#### What the exercise asks:
Could you return all of the records exactly, minus their images?

Data supplied START

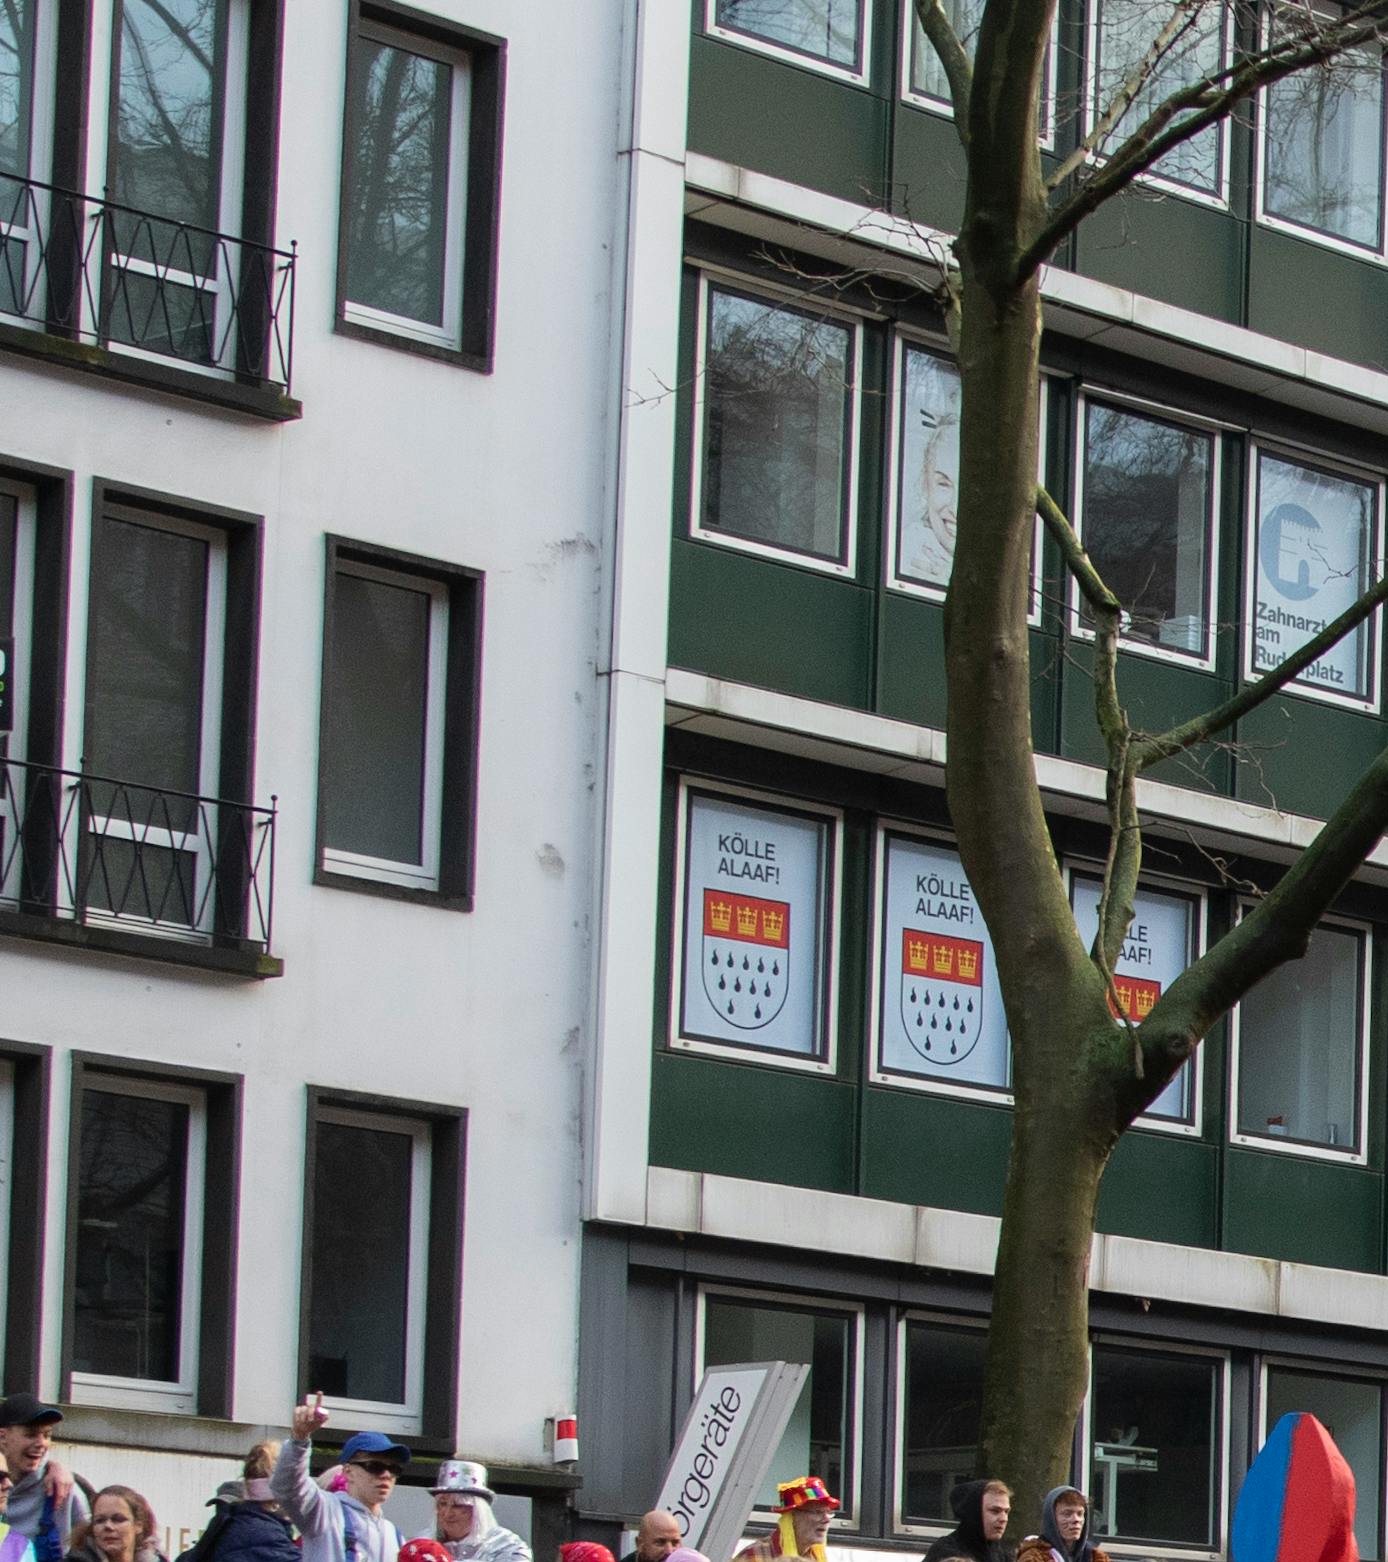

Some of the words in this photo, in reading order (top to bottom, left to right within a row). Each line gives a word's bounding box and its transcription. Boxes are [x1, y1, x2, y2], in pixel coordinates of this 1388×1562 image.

[1257, 601, 1328, 634] Zahnarzt
[1256, 626, 1280, 645] am
[1256, 645, 1344, 684] Rudplatz
[718, 832, 776, 861] KÖLLE
[717, 857, 781, 885] ALAAF!
[916, 872, 970, 901] KÖLLE
[915, 897, 974, 924] ALAAF!
[1120, 944, 1152, 965] AAF!
[667, 1386, 741, 1538] örgeräte
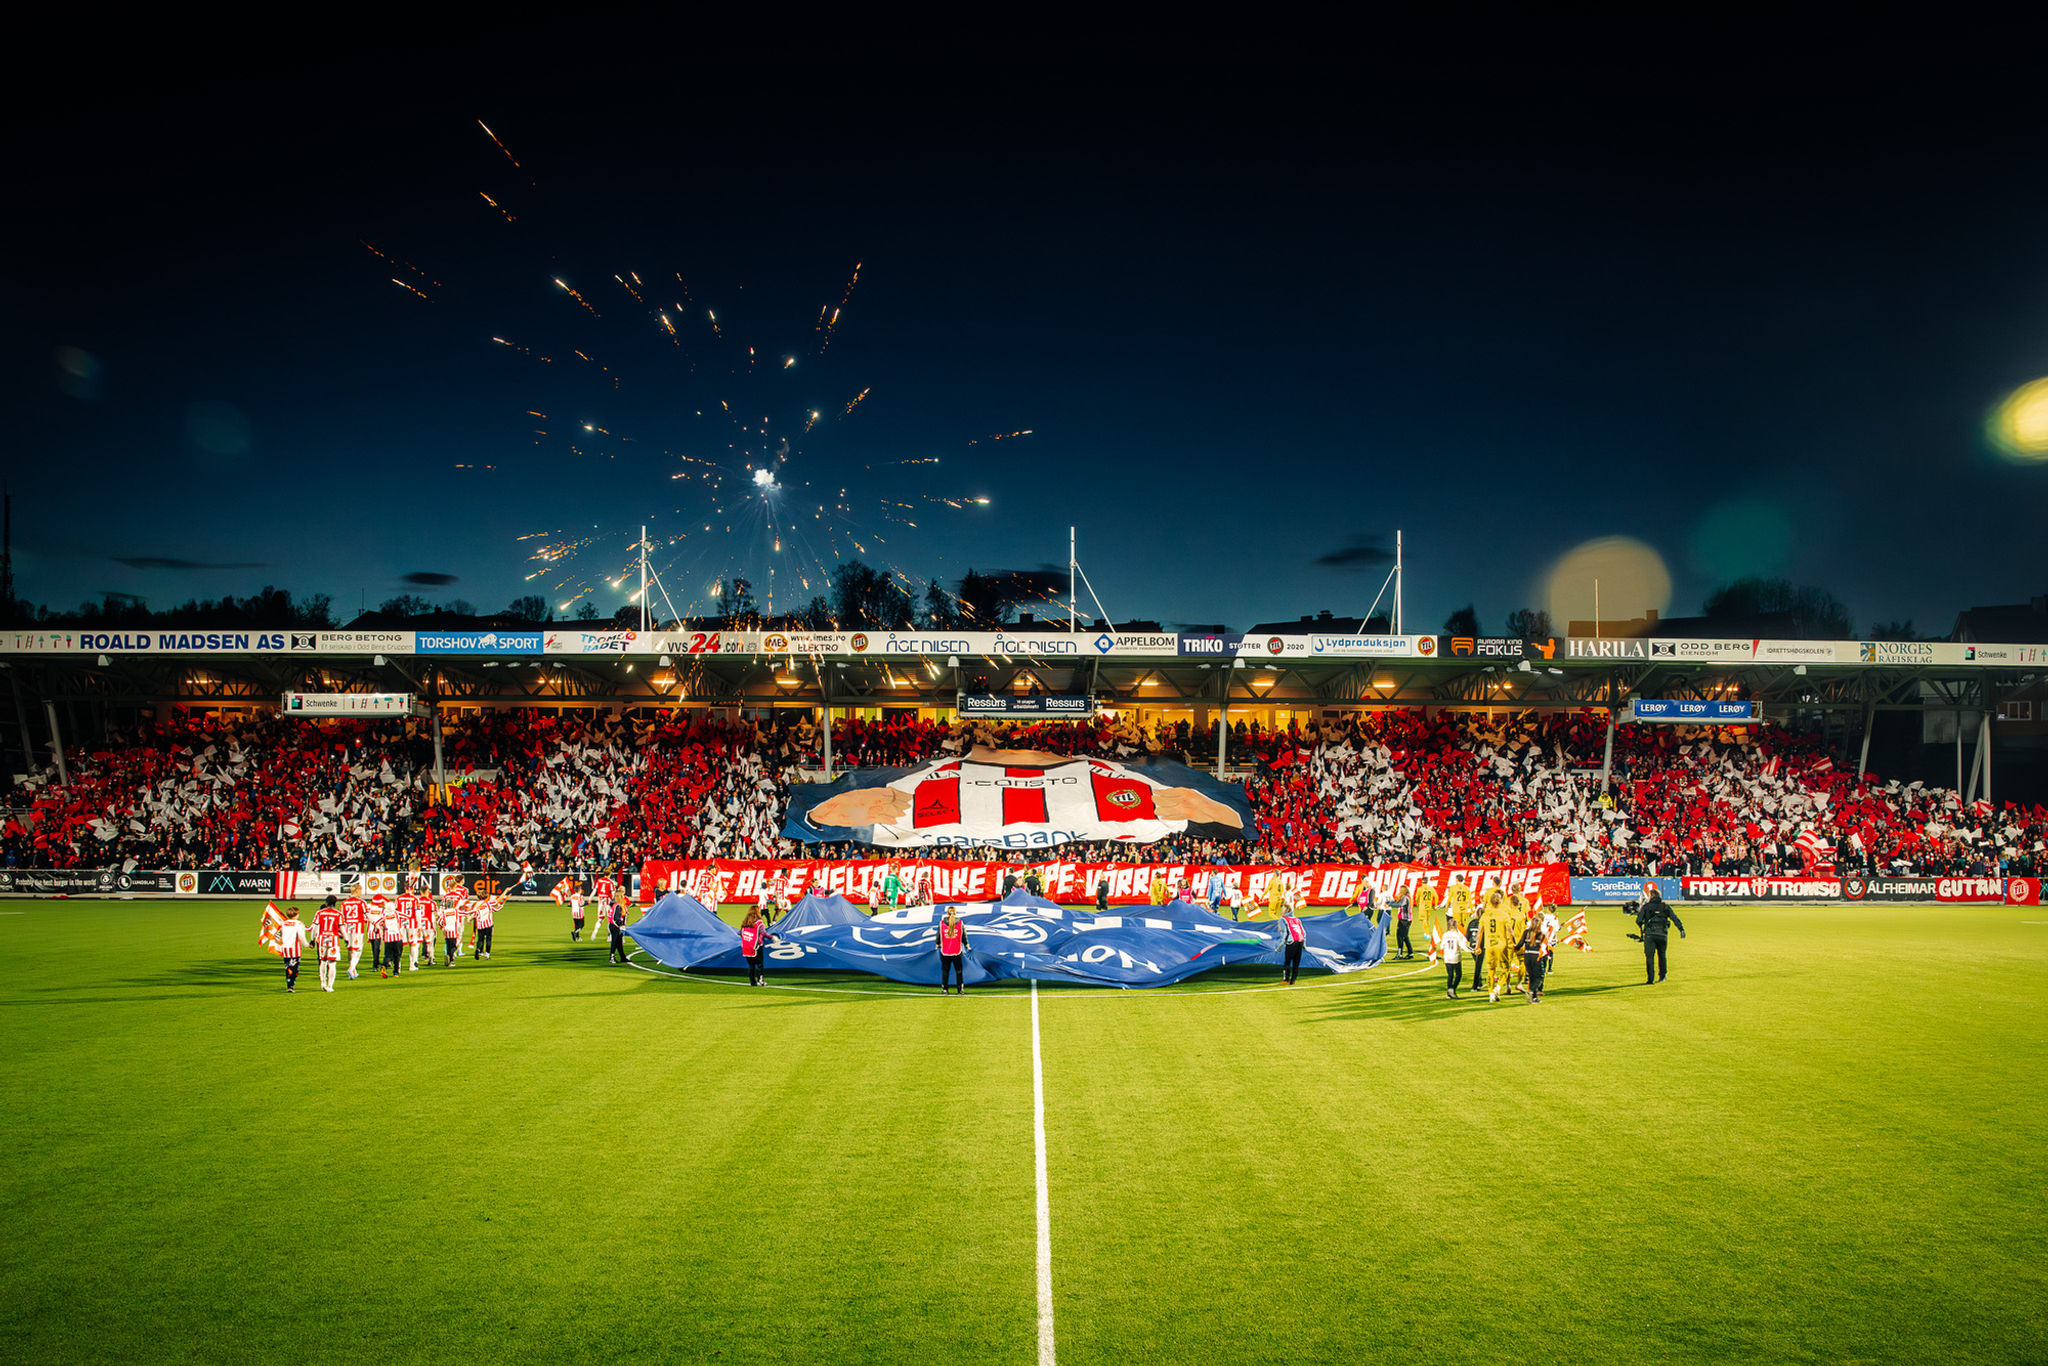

Data supplied END

#### Reply:
Some of the words in this photo, in reading order (top to bottom, left to right within a row). Each line gives a word's bounding box and its transcription. Boxes are [x1, y1, x2, y2], in pixel coordinates of this 1388×1562 image.

[1257, 601, 1328, 634] Zahnarzt
[1256, 626, 1280, 645] am
[1256, 645, 1344, 684] Rudplatz
[718, 832, 776, 861] KÖLLE
[717, 857, 781, 885] ALAAF!
[916, 872, 970, 901] KÖLLE
[915, 897, 974, 924] ALAAF!
[1120, 944, 1152, 965] AAF!
[667, 1386, 741, 1538] örgeräte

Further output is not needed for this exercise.